An estimated €2bn in income is being lost to the Irish economy this year as banks withdraw hedging lines of credit from smaller corporate clients in an effort to conserve capital, according to treasury consultants.
The withdrawal of the facilities, which businesses use to fix rates on debt or to protect against adverse moves in currencies, is taking billions out of the economy in extra costs and lost value-at-risk, according to John Finn, managing director of Treasury Solutions.
"Banks are so tight on capital right now they're not able to put lines in place," he said.

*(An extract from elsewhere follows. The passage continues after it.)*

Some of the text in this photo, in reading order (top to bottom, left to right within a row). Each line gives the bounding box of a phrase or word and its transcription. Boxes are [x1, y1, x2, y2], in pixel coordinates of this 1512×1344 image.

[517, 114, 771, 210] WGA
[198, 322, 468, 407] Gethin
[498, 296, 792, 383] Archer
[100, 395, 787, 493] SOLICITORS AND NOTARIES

"The problem is they won't allow companies to hedge. Customers are stuck on the spot rate with no certainty. They're totally exposed to the market."

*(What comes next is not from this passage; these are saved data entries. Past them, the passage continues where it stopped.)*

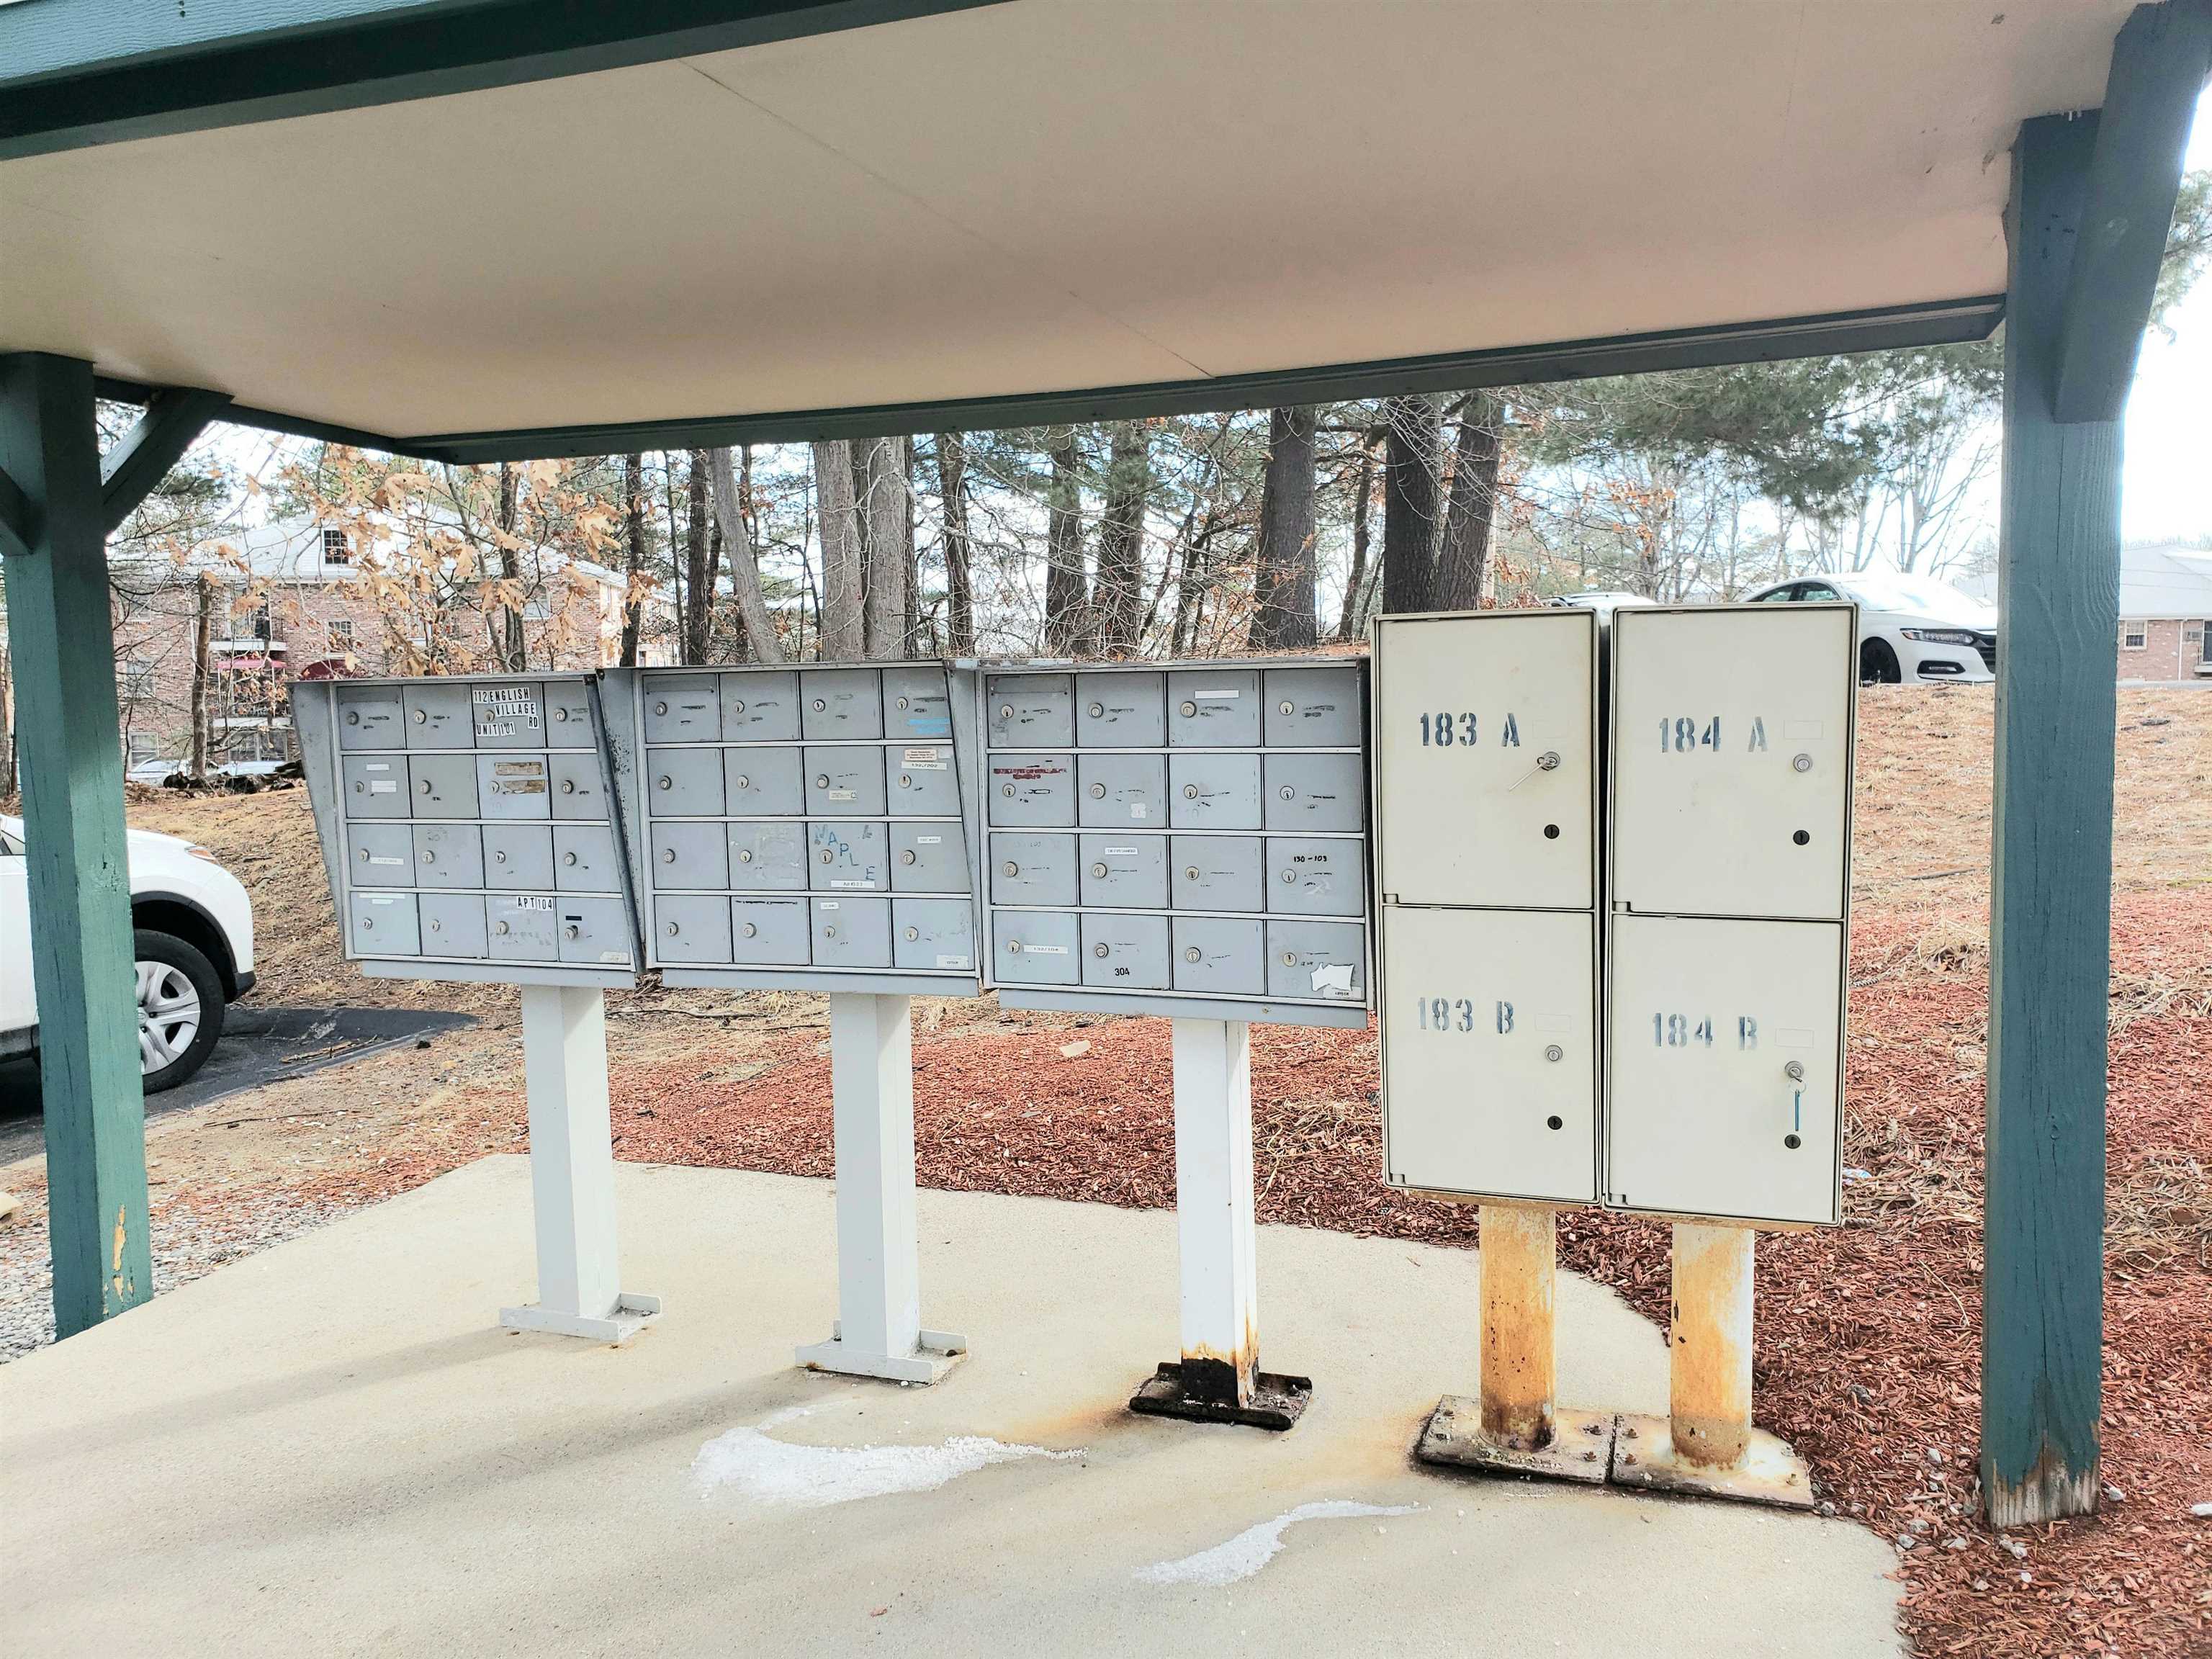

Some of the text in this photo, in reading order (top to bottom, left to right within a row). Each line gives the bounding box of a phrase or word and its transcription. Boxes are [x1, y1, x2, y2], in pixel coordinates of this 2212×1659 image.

[474, 688, 529, 703] 112 ENGLISH
[495, 703, 535, 716] VILLAGE
[528, 716, 539, 727] RD
[477, 724, 497, 735] UNIT
[1420, 711, 1520, 747] 183 A
[1659, 716, 1768, 753] 184 A
[518, 897, 552, 909] APT 104
[1115, 967, 1130, 976] 304
[1417, 997, 1514, 1034] 183 B
[1652, 1012, 1758, 1051] 184 B

In order to fix interest rates on debt or to hedge forward foreign exchange, companies need hedging lines approved by the bank, as swaps, forward contracts and other derivatives require a certain amount of capital. But many banks are pulling back on these lines of credit, especially to smaller corporate customers, hampering investment, expansion and export opportunities.
"It's a bigger problem for the large SME which isn't multi-banked," said one senior banker.
"There is no question that capital is tighter and it's a very volatile market with big derivative risks."
There is an estimated €50bn in debt to non-property companies in the Irish economy.
A regular interest rate cycle would see a rise of 2%-3% from trough to peak over two or three years. Finn said this put a minimum of €2bn in extra costs or value-at-play here over that time period.
In the case of exports and imports the non-eurozone figures for 2009 were €50bn and €34bn, respectively.
The gap between high and low of the various currencies against the euro averaged 20%-25% in the year. This suggests a value at risk of €16.8bn-€21bn. Because larger companies are reasonably good at hedging and have internal capacity for managing risks, it would not be unreasonable to assume that there is €1bn-plus of value there each year, according to Finn.
He estimates at least €35bn in the Irish economy is totally exposed to rising rates if Jean-Claude Trichet or any of the other major central bankers change policy in the next year.
"In an environment where interest rates are low and expected to rise, most companies will be looking to fix," said Finn.
"Treasurers have nowhere to go to sort this out quickly."